In the present embodiment, the basic classification device is built using SVMs.
In step 4 according toCalculate prediction error rate, wherein ni(t) represent when training for the t times,
Predicted in the poison gas sample data set U of Unknown Label by remaining M-1 basic classification device and obtain the sample of label, ni' (t) table
Show and predicted in the poison gas sample data set U of Unknown Label by remaining M-1 basic classification device and obtain the sample of correct label.But
It is because having no idea to calculate the classification accuracy rate of the sample set of Unknown Label, and only data set L is that available (label is
Know, classification accuracy rate can be calculated), thus it is false as same data distribution based on thering are exemplar and unlabeled exemplars to meet
If premise, in specific implementation process, data set U discrimination is replaced using data set L discrimination, it is corresponding to use data set
L prediction error rate goes the prediction error rate instead of data set U.

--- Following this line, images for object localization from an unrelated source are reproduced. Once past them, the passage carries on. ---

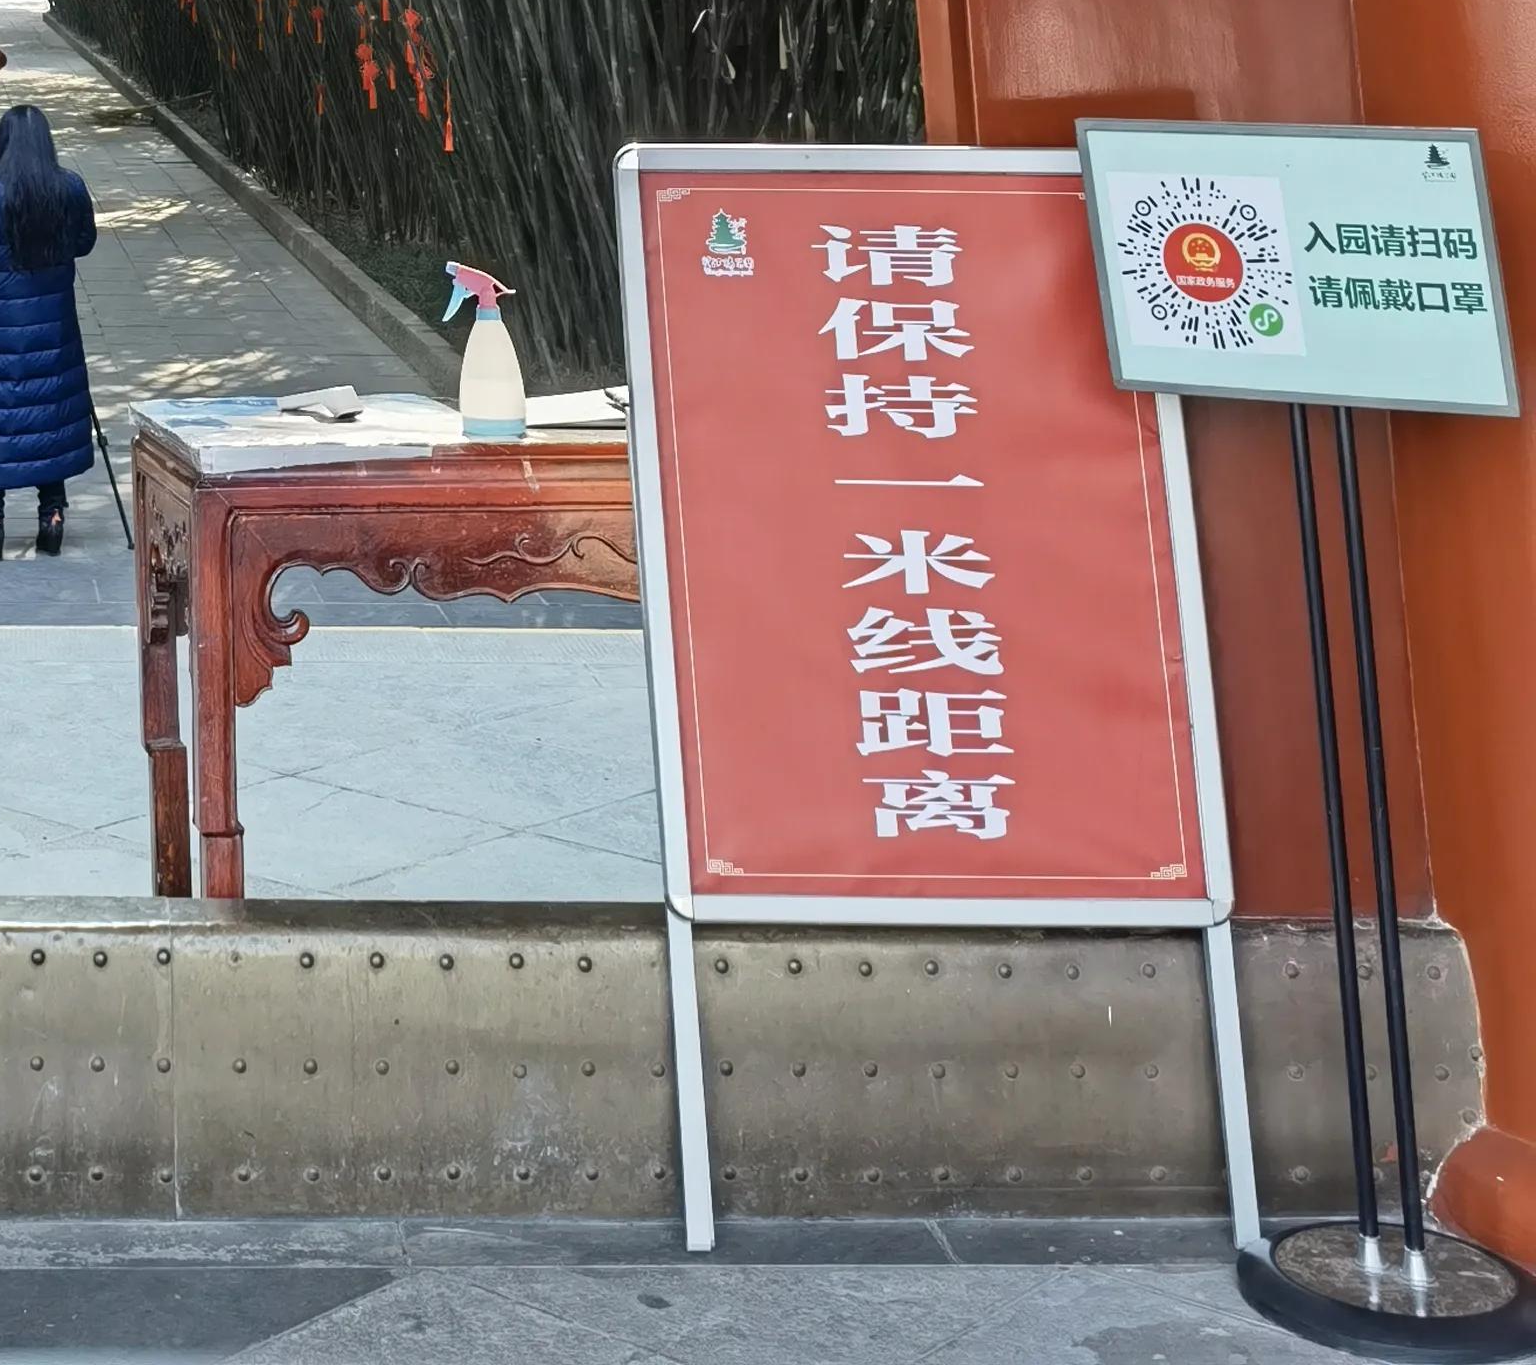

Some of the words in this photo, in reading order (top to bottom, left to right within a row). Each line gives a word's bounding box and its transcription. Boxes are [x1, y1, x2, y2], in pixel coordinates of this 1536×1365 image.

[1304, 221, 1477, 260] 入园请扫码
[1309, 275, 1488, 314] 请佩戴口罩
[810, 224, 1016, 841] 请保持一米线距离
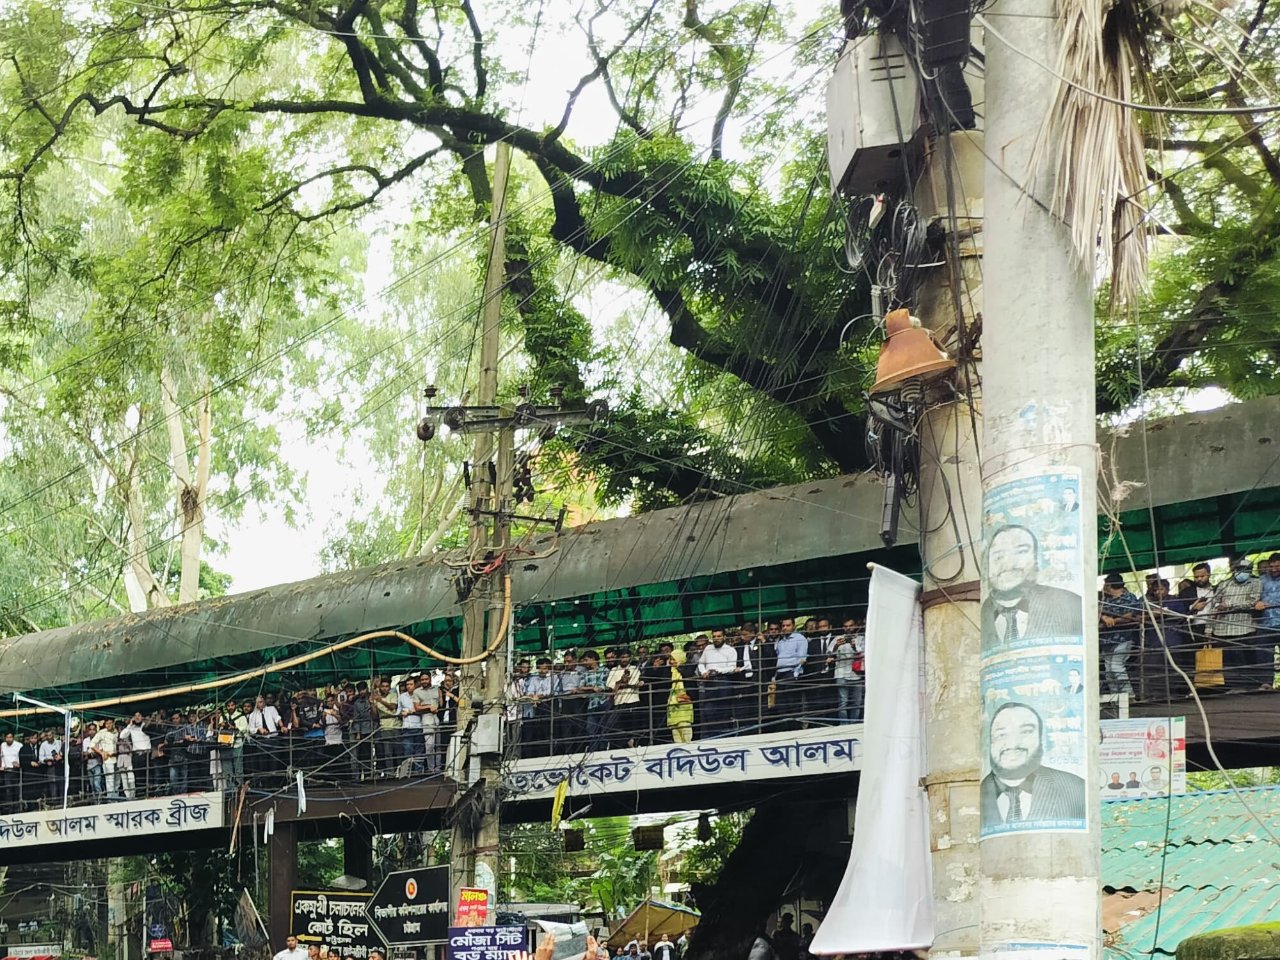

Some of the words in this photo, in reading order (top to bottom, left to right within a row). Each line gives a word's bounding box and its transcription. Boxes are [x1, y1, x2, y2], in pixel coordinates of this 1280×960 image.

[509, 755, 634, 789] ডভোকেট
[643, 746, 750, 778] বদিউল
[760, 738, 858, 768] আলম
[45, 814, 98, 836] আলম
[104, 809, 163, 829] স্মারক
[166, 799, 210, 827] ব্রীজ
[295, 895, 327, 918] একমুখী
[308, 917, 334, 934] কোর্ট
[337, 919, 368, 937] হিল
[450, 931, 492, 946] মৌজা
[495, 932, 522, 945] সিট
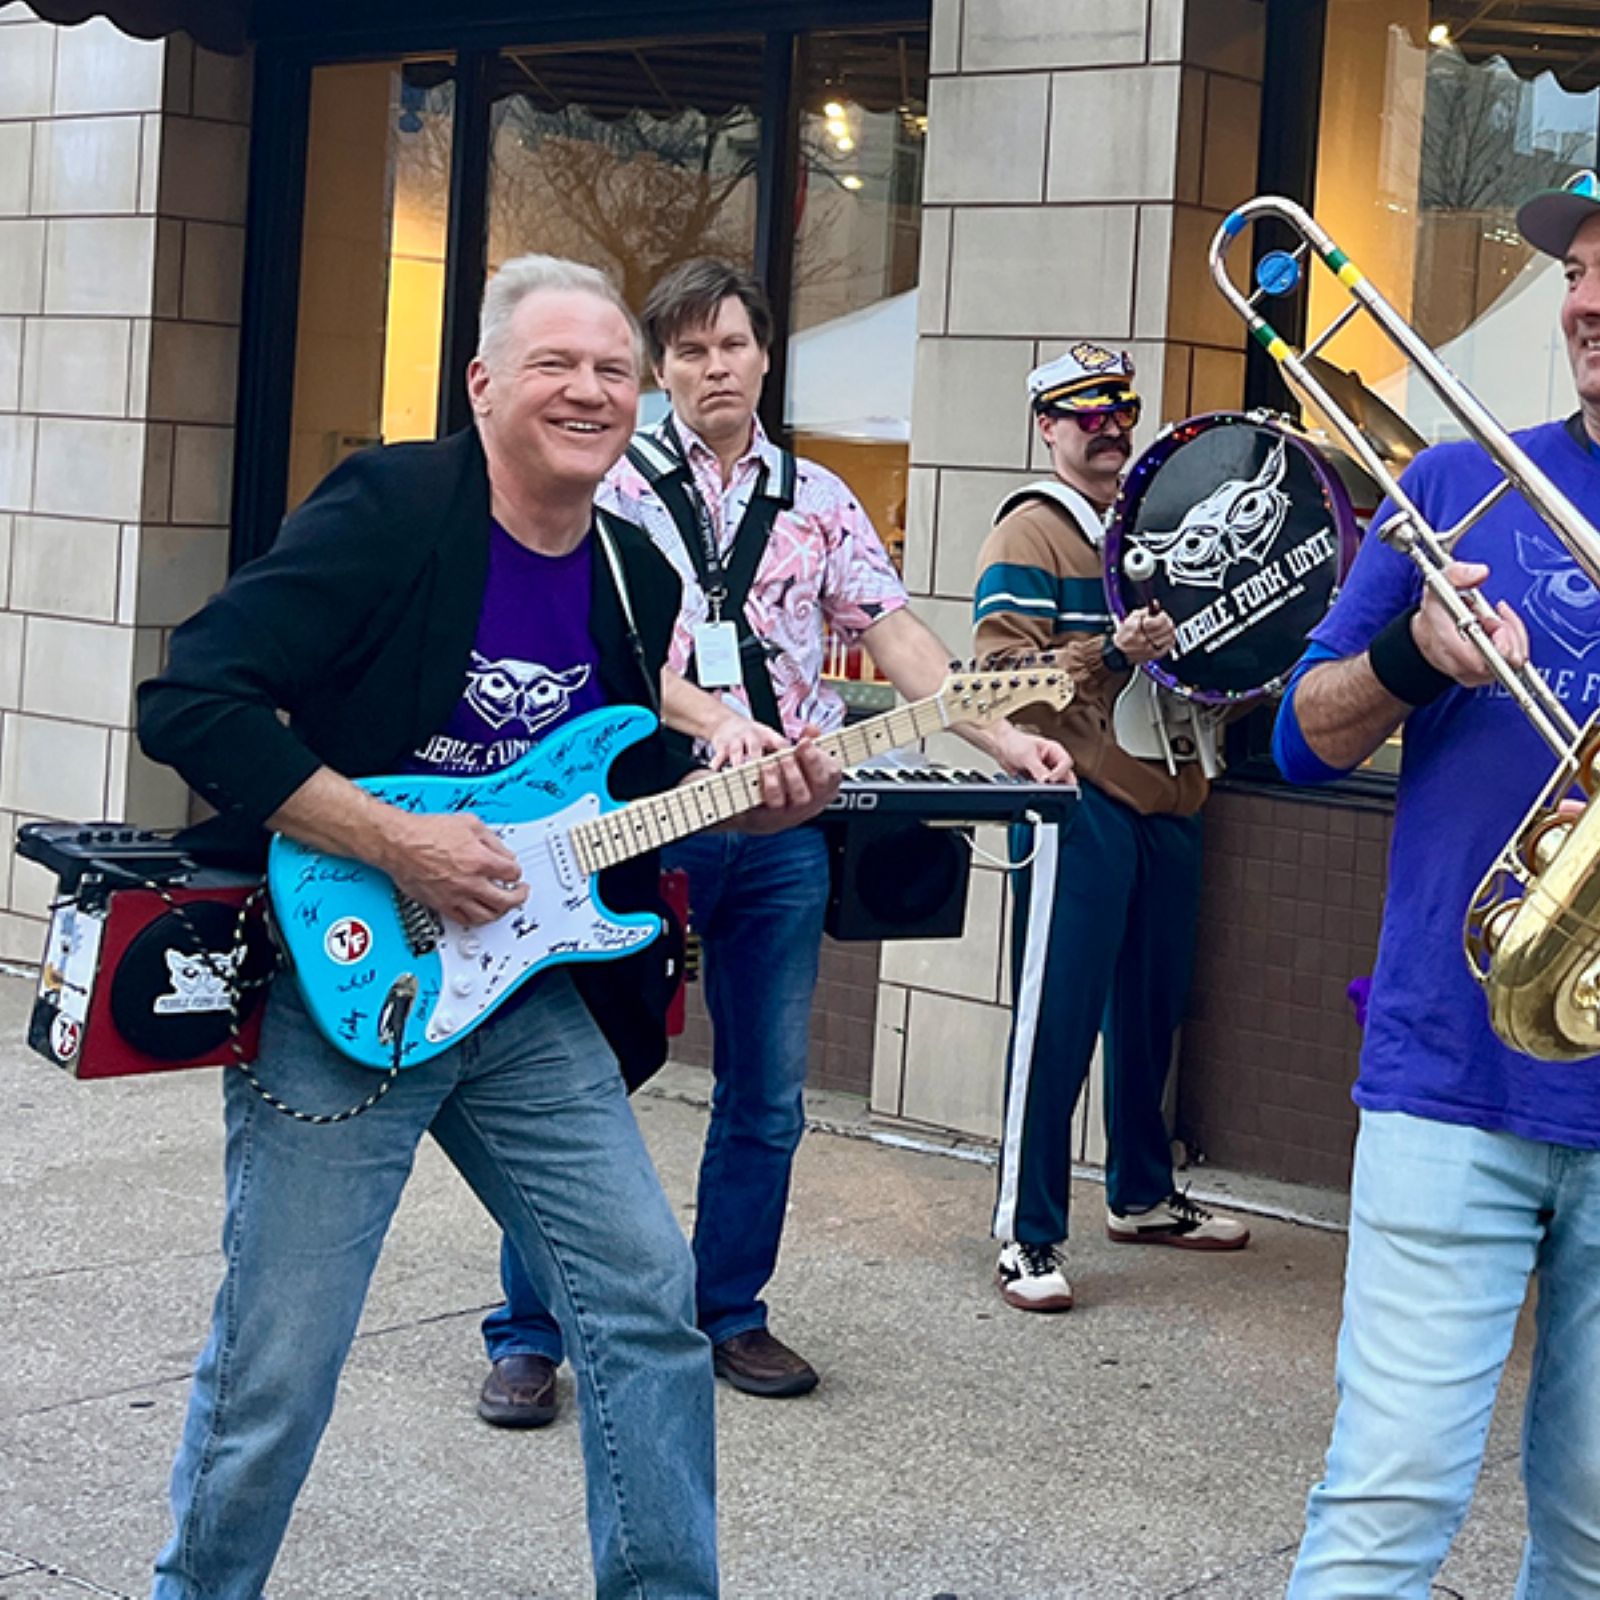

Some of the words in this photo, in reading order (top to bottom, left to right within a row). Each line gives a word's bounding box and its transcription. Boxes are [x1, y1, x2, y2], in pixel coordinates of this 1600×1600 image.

[1230, 560, 1289, 616] FUNK
[1284, 526, 1336, 578] UNIT
[485, 738, 540, 766] FUN

For a further understanding of the technique effect of the present invention, the final classification device obtained separately below using present invention training
And bibliography:Z-H.Zhou,Tri-training:exploiting unlabeled data using three
classifiers,Knowledge and Data Engineering,IEEE Transactions on,17(2005)1529-
The grader that the 1541. Tri-training Algorithm for Training that are proposed obtain to three class indoor pollution poison gases (benzene, toluene,
Formaldehyde) Classification and Identification is carried out, recognition result is as shown in table 1.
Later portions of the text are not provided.